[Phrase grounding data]
════
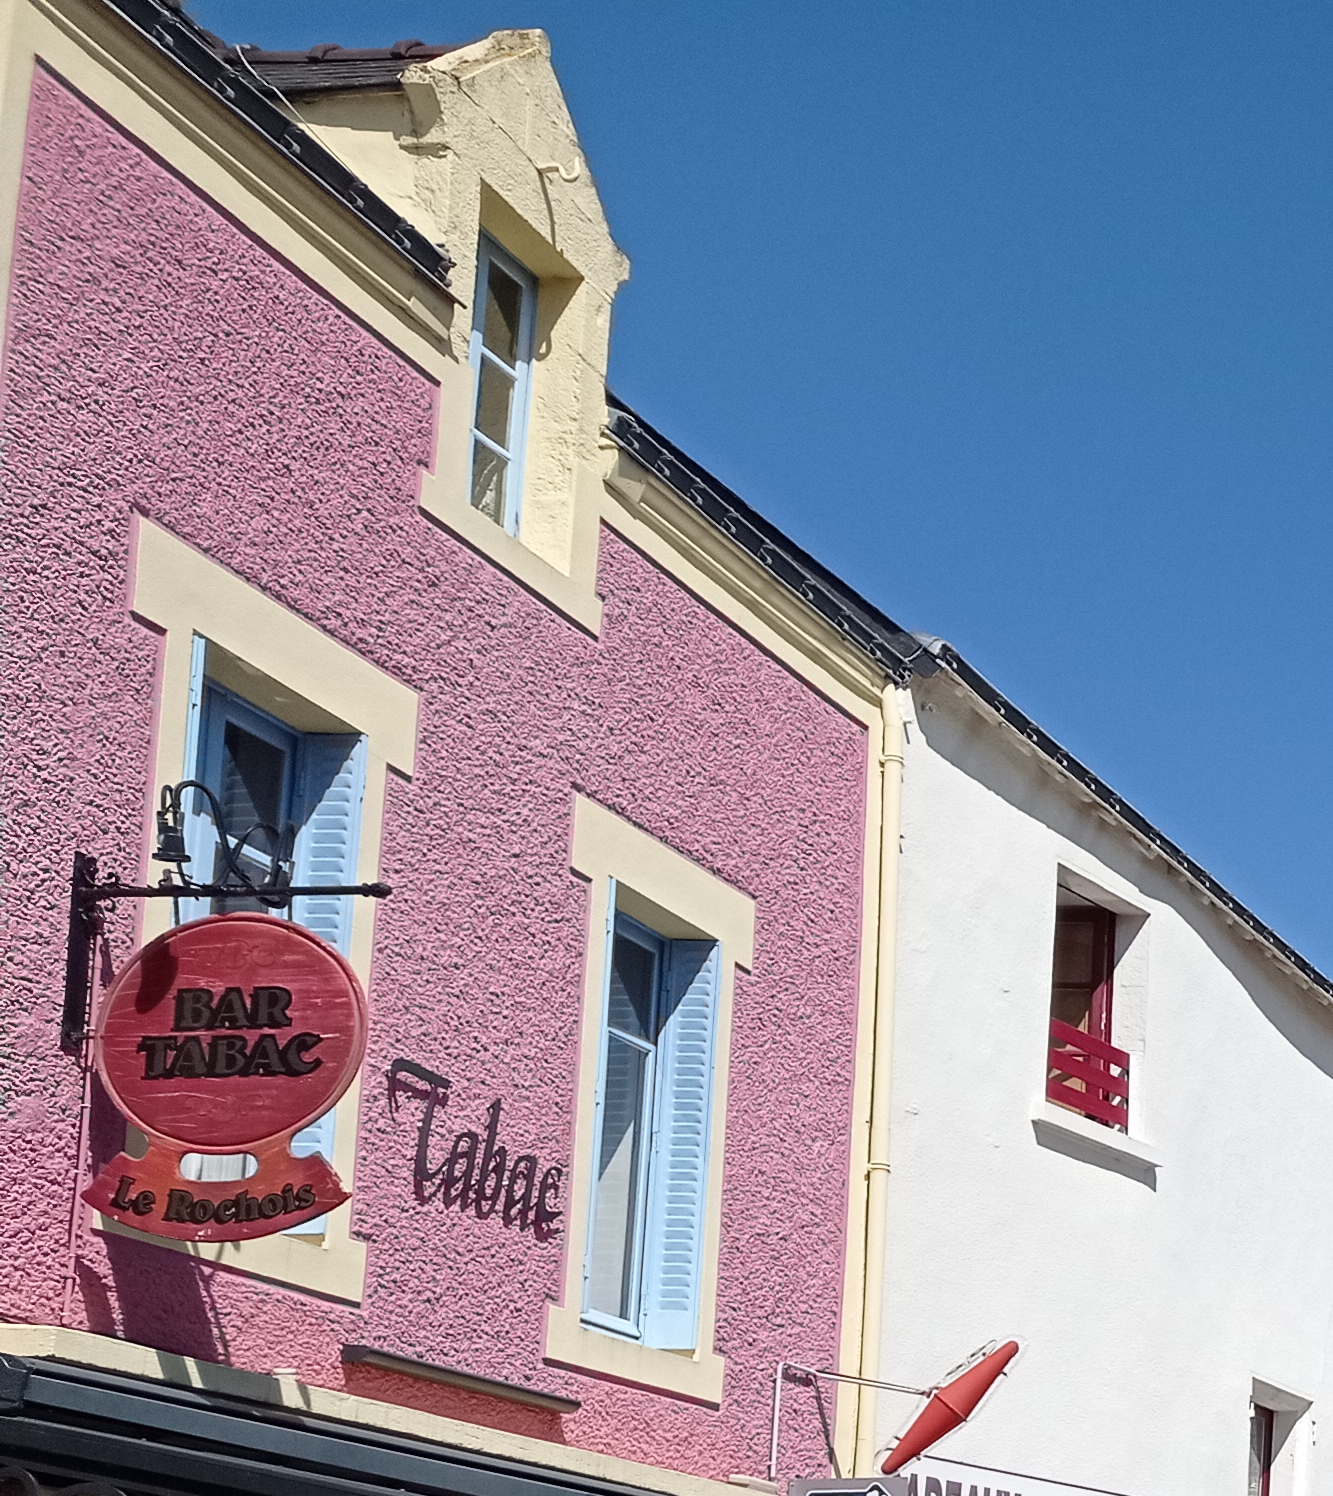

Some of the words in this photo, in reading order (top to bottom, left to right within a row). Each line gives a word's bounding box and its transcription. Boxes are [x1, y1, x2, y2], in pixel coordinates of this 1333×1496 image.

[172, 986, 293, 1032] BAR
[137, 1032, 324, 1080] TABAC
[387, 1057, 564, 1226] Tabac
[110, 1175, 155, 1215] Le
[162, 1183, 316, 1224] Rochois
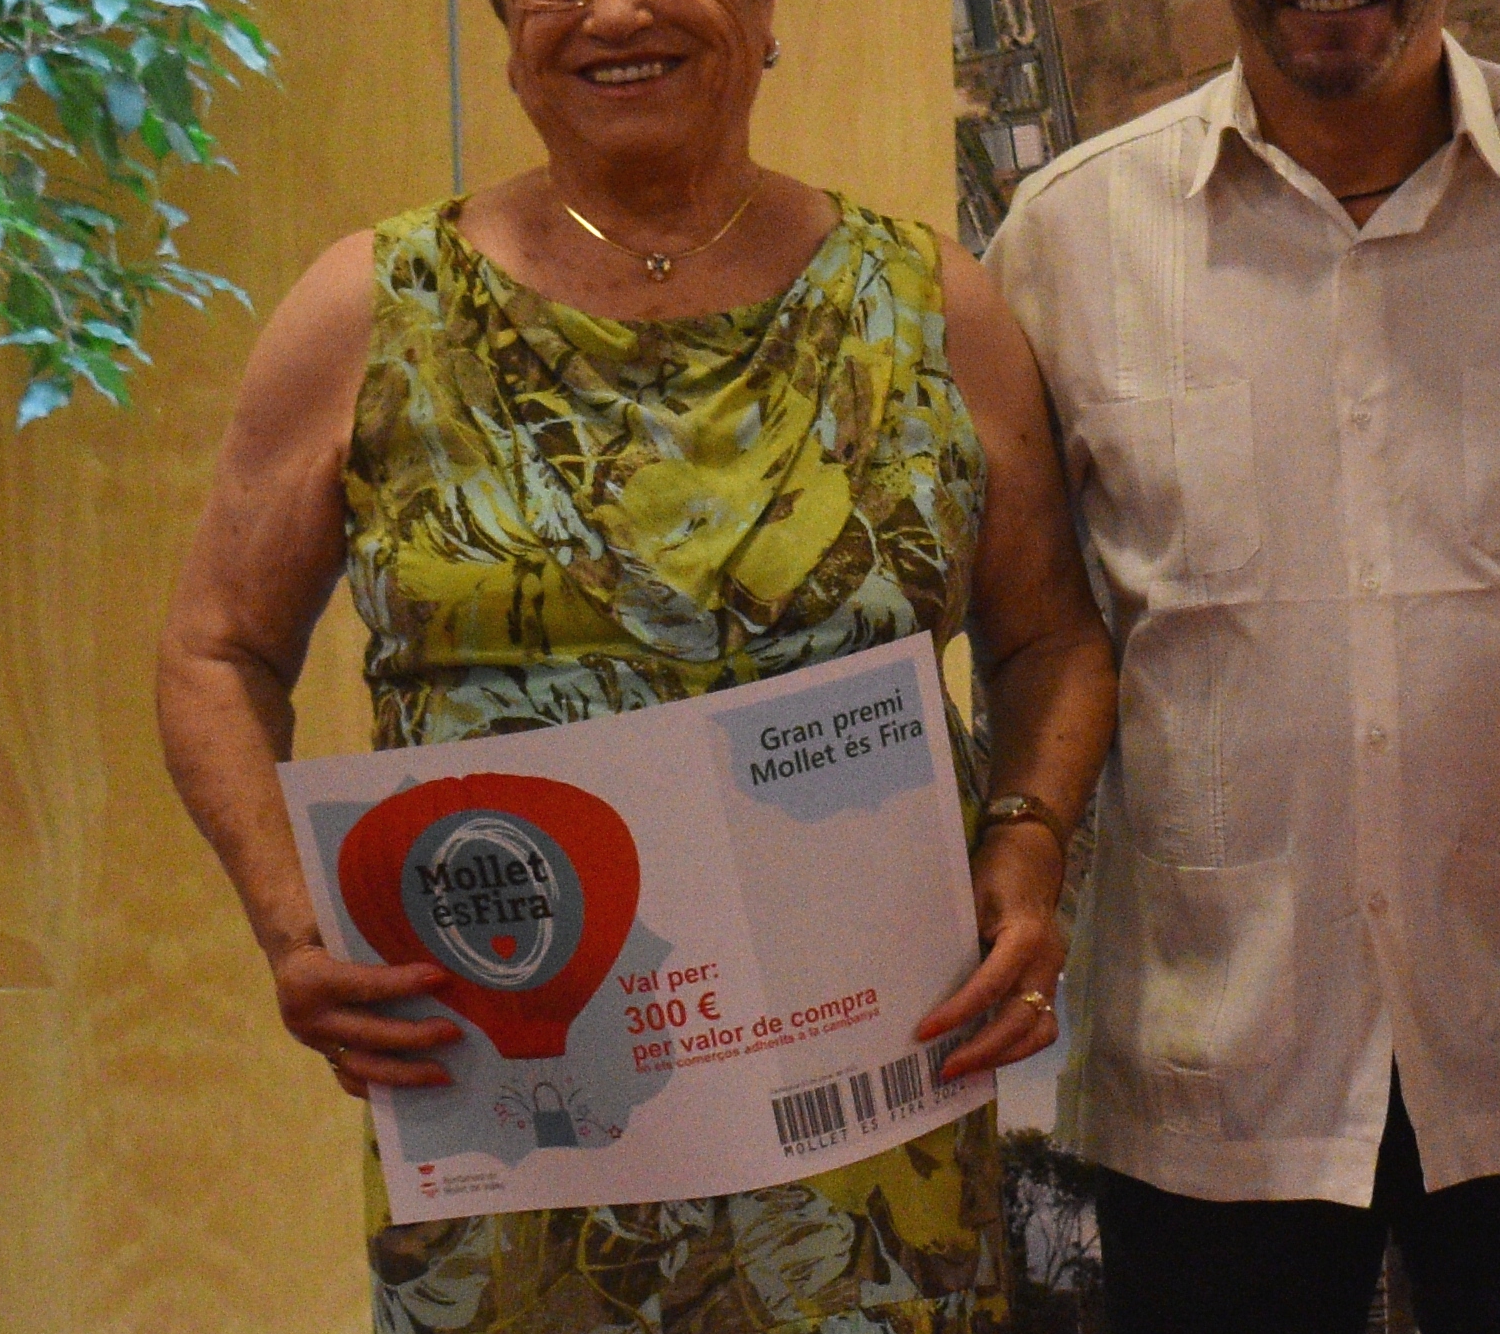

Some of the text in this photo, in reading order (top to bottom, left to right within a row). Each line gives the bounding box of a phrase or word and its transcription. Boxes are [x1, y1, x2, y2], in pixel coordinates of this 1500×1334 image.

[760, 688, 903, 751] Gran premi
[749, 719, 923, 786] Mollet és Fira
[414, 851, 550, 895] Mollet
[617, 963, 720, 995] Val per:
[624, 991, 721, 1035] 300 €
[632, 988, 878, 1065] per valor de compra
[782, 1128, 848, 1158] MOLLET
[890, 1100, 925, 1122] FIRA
════
== Task directions ==
With the pictures omitted, the records above are to be repeated exactly.

== The completed task ==
Some of the words in this photo, in reading order (top to bottom, left to right within a row). Each line gives a word's bounding box and its transcription. Boxes are [x1, y1, x2, y2], in pixel coordinates of this 1333×1496 image.

[172, 986, 293, 1032] BAR
[137, 1032, 324, 1080] TABAC
[387, 1057, 564, 1226] Tabac
[110, 1175, 155, 1215] Le
[162, 1183, 316, 1224] Rochois

Some of the text in this photo, in reading order (top to bottom, left to right within a row). Each line gives the bounding box of a phrase or word and its transcription. Boxes are [x1, y1, x2, y2], in pixel coordinates of this 1500×1334 image.

[760, 688, 903, 751] Gran premi
[749, 719, 923, 786] Mollet és Fira
[414, 851, 550, 895] Mollet
[617, 963, 720, 995] Val per:
[624, 991, 721, 1035] 300 €
[632, 988, 878, 1065] per valor de compra
[782, 1128, 848, 1158] MOLLET
[890, 1100, 925, 1122] FIRA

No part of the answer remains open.